The Gospel Changes Everything (Pt. 10): Relationships

We're in a series where we're seeing how the gospel of Jesus affects every area of our lives. Each post will look at how the truth of the gospel changes how we view a certain aspect of life and its implications in our lives.

In this blog series we've been trying to show practical application for the gospel. Many of us who've been at Hiawatha Church for a while do understand the good news of Jesus' life, death, and resurrection but it can be tough work to understand how the gospel actually affects the different areas of our life. That is the goal of this series: to begin to show specific examples of the gospel affecting all the areas of our lives. None of these posts will be exhaustive by any means but we hope they'll begin to help us see the power of the gospel to change every area of our lives. 
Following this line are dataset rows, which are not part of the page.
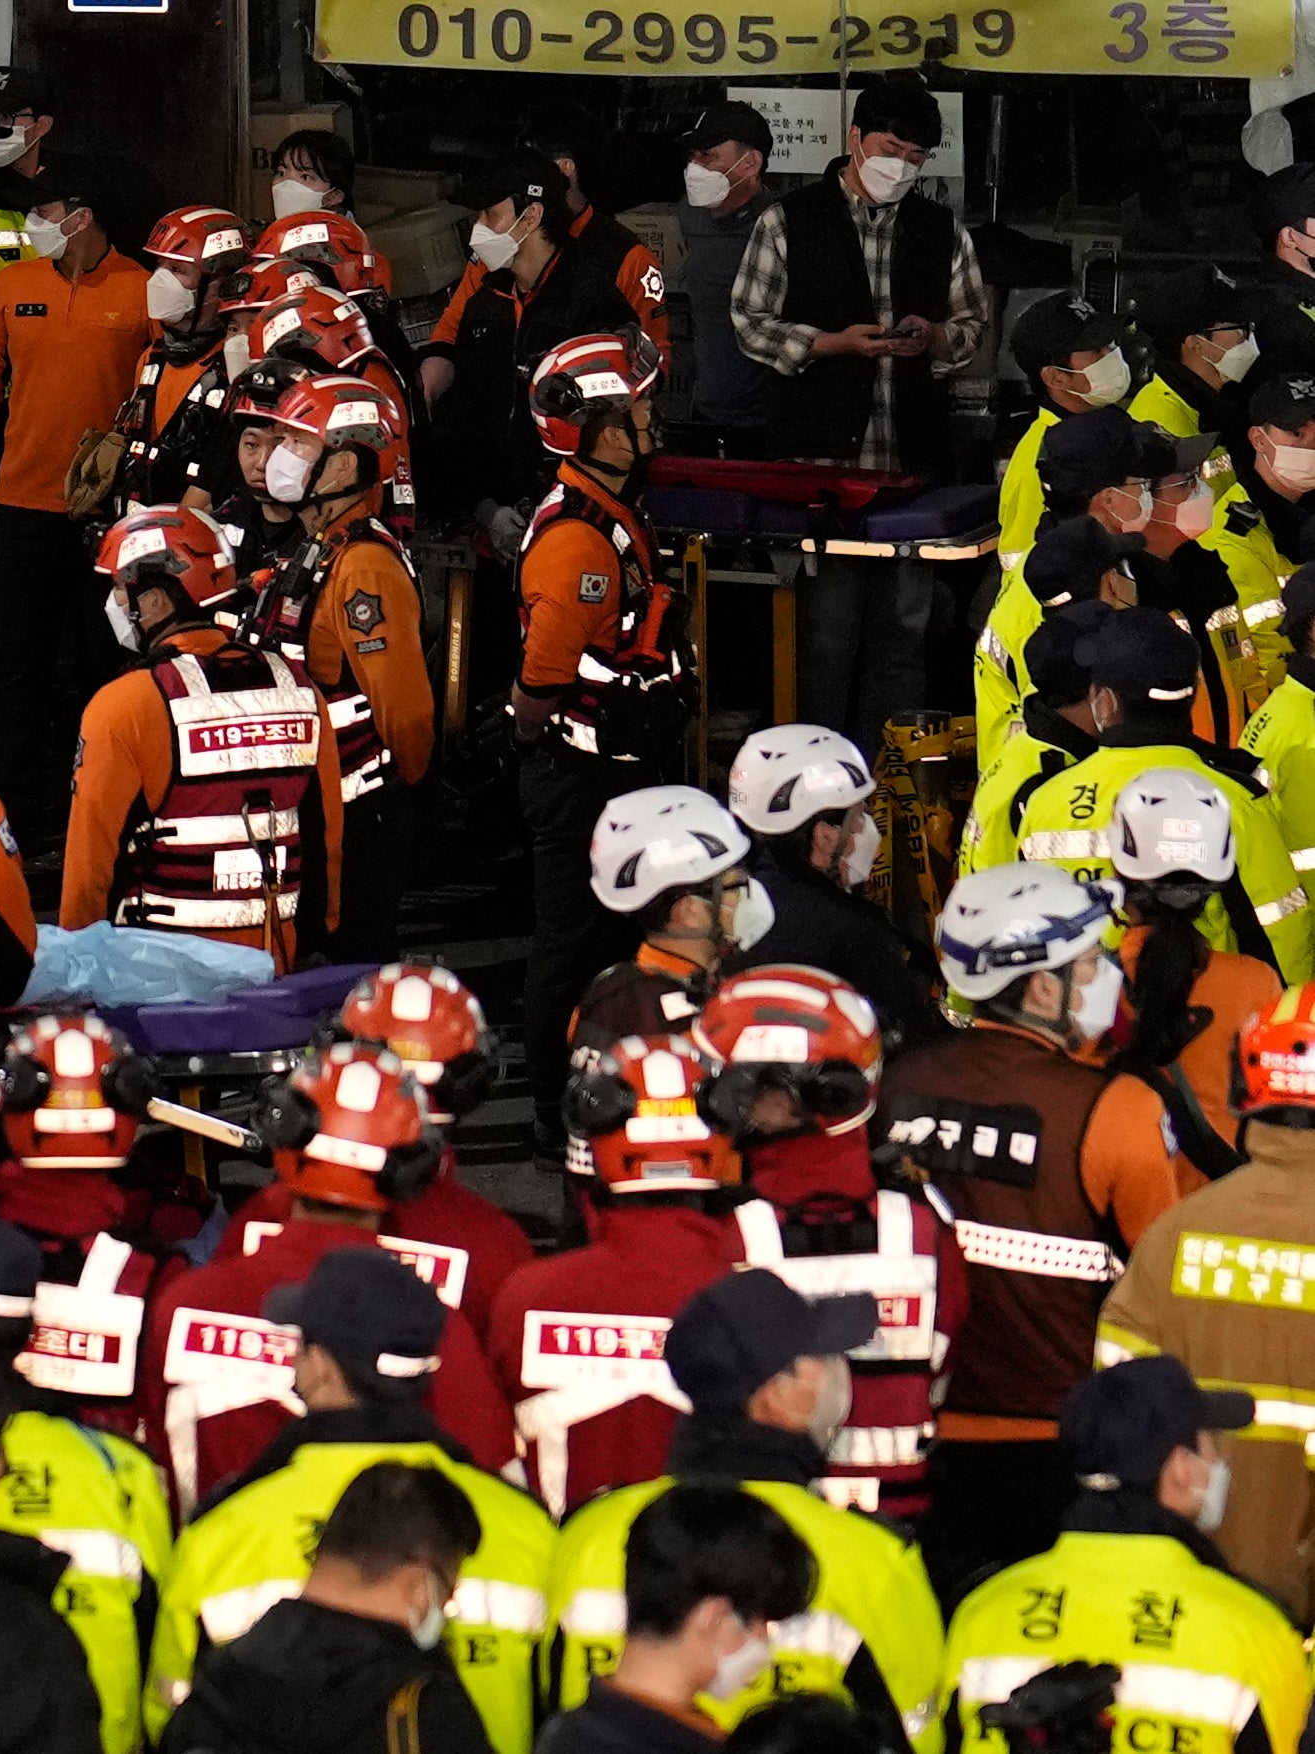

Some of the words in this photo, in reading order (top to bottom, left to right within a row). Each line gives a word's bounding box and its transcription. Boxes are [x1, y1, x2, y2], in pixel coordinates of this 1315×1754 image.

[397, 3, 1014, 62] 010-2995-2319
[1103, 0, 1236, 63] 3층
[200, 722, 306, 748] 119구조대
[200, 1325, 298, 1365] 119구
[552, 1325, 666, 1359] 119구
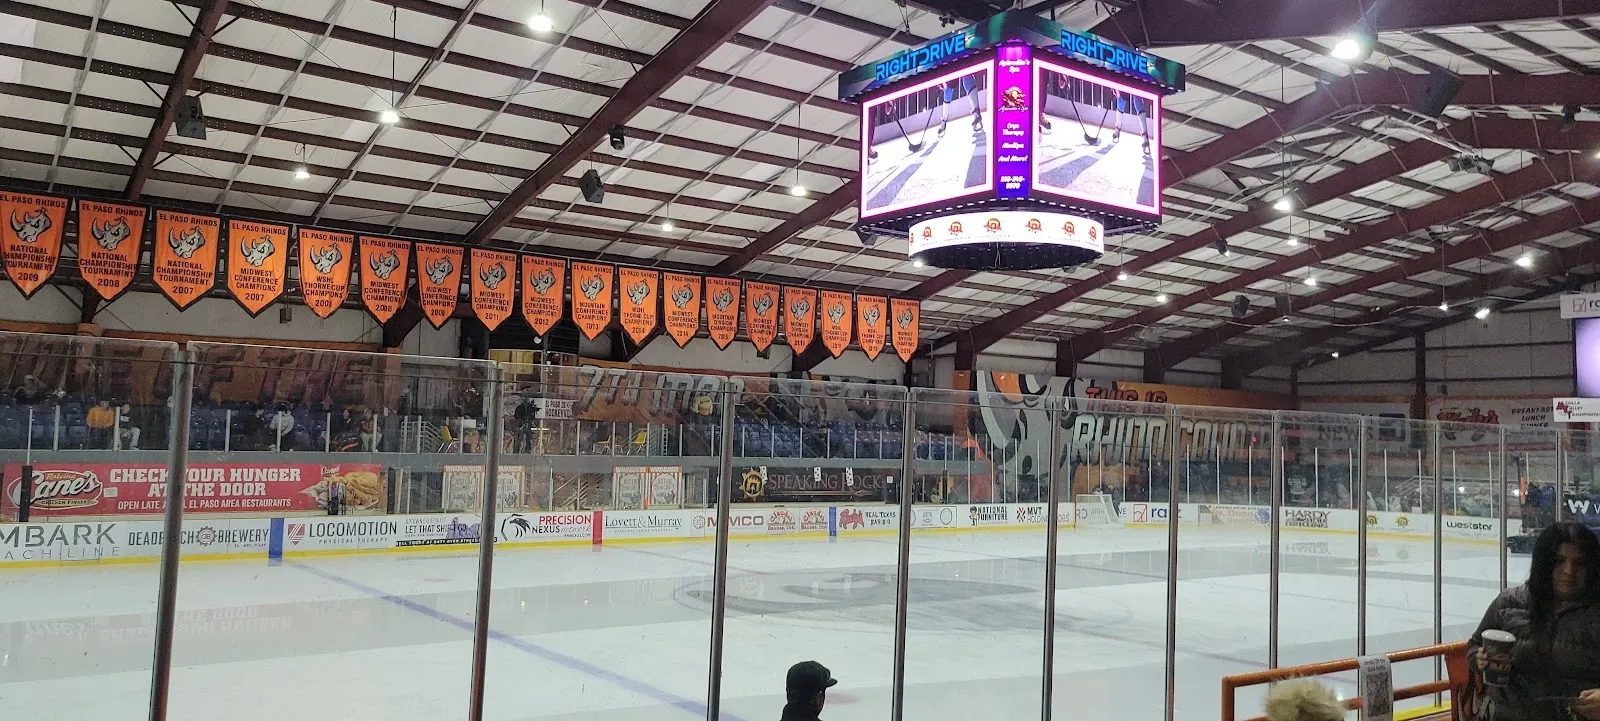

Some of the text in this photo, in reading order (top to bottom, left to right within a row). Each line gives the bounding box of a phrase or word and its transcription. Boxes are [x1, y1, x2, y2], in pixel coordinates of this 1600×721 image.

[876, 33, 966, 81] RIGHTDRIVE
[1061, 30, 1148, 75] RIGHTDRIVE
[12, 196, 33, 205] PASO
[35, 199, 66, 208] RHINOS
[93, 204, 113, 213] PASO
[115, 208, 144, 217] RHINOS
[170, 216, 189, 224] PASO
[190, 218, 218, 226] RHINOS
[242, 224, 259, 232] PASO
[261, 227, 287, 236] RHINOS
[10, 244, 48, 255] NATIONAL
[388, 242, 410, 250] RHINOS
[92, 252, 128, 262] NATIONAL
[441, 248, 463, 256] RHINOS
[167, 260, 204, 270] NATIONAL
[83, 266, 134, 278] TOURNAMENT
[156, 266, 213, 279] CHAMPIONSHIP
[240, 268, 273, 278] MIDWEST
[98, 278, 120, 288] 2008
[160, 274, 209, 286] TOURNAMENT
[234, 274, 279, 286] CONFERENCE
[370, 280, 400, 290] MIDWEST
[172, 286, 194, 295] 2007
[236, 282, 276, 292] CHAMPIONS
[304, 282, 345, 292] THORNE CUP
[426, 286, 452, 294] MIDWEST
[244, 292, 265, 302] 2007
[306, 290, 344, 299] CHAMPIONS
[364, 288, 404, 297] CONFERENCE
[422, 292, 456, 302] CONFERENCE
[480, 290, 505, 299] MIDWEST
[376, 304, 392, 312] 2008
[422, 299, 454, 308] CHAMPIONS
[484, 312, 499, 321] 2011
[534, 317, 549, 326] 2012
[1085, 387, 1168, 415] THIS IS
[1070, 412, 1167, 467] RHINO
[46, 472, 77, 481] Raising
[185, 468, 227, 482] OUR
[230, 468, 301, 482] HUNGER
[13, 470, 101, 507] Cane's
[219, 482, 268, 497] DOOR
[118, 500, 140, 510] OPEN
[141, 500, 160, 510] LATE
[189, 500, 199, 508] EL
[200, 499, 220, 508] PASO
[221, 499, 240, 508] AREA
[242, 498, 292, 508] RESTAURANTS
[978, 506, 1008, 514] NATIONAL
[1027, 507, 1042, 515] MVT
[1285, 509, 1332, 520] HARDY
[539, 514, 592, 525] PRECISION
[605, 515, 683, 528] Lovett & Murray
[707, 516, 764, 528] MMCO
[309, 520, 397, 538] LOCOMOTION
[406, 525, 414, 534] LET
[419, 524, 434, 534] THAT
[532, 525, 560, 534] NEXUS
[1446, 520, 1493, 531] weststar
[218, 528, 270, 544] BREWERY
"The gospel [in the New Testament] is regularly presented not only as truth to be received and believed, but the very power of God to transform (see 1 Corinthians 2, 1 Thessalonians 2:4, Romans 1:16-17)...One of the most urgently needed things today is a careful treatment of how the gospel, biblically and richly understood, ought to shape everything we do in the local church, all of our ethics, all of our priorities." -D.A. Carson. 

The power of the gospel transforms how we view relationships. Apart from the gospel, our temptation is either to value relationship too much: they give us our full identity and worth (or what Tim Keller calls moralism). Or we value relationships too little: I'm self-sufficient and independent and I need no one (or what Keller calls relativism). 

"Moralism can...cause people to procure love as the way to earn salvation; gaining love convinces them that they are worthy persons. This, in turn, often creates codependency-you must save yourself by saving others. On the other hand, much relativism reduces love to a negotiated partnership for mutual benefit. You relate only as long as it does not cost you anything. Without the gospel, the choice is to selfishly use others or to selfishly let yourself be used by others." -Tim Keller. 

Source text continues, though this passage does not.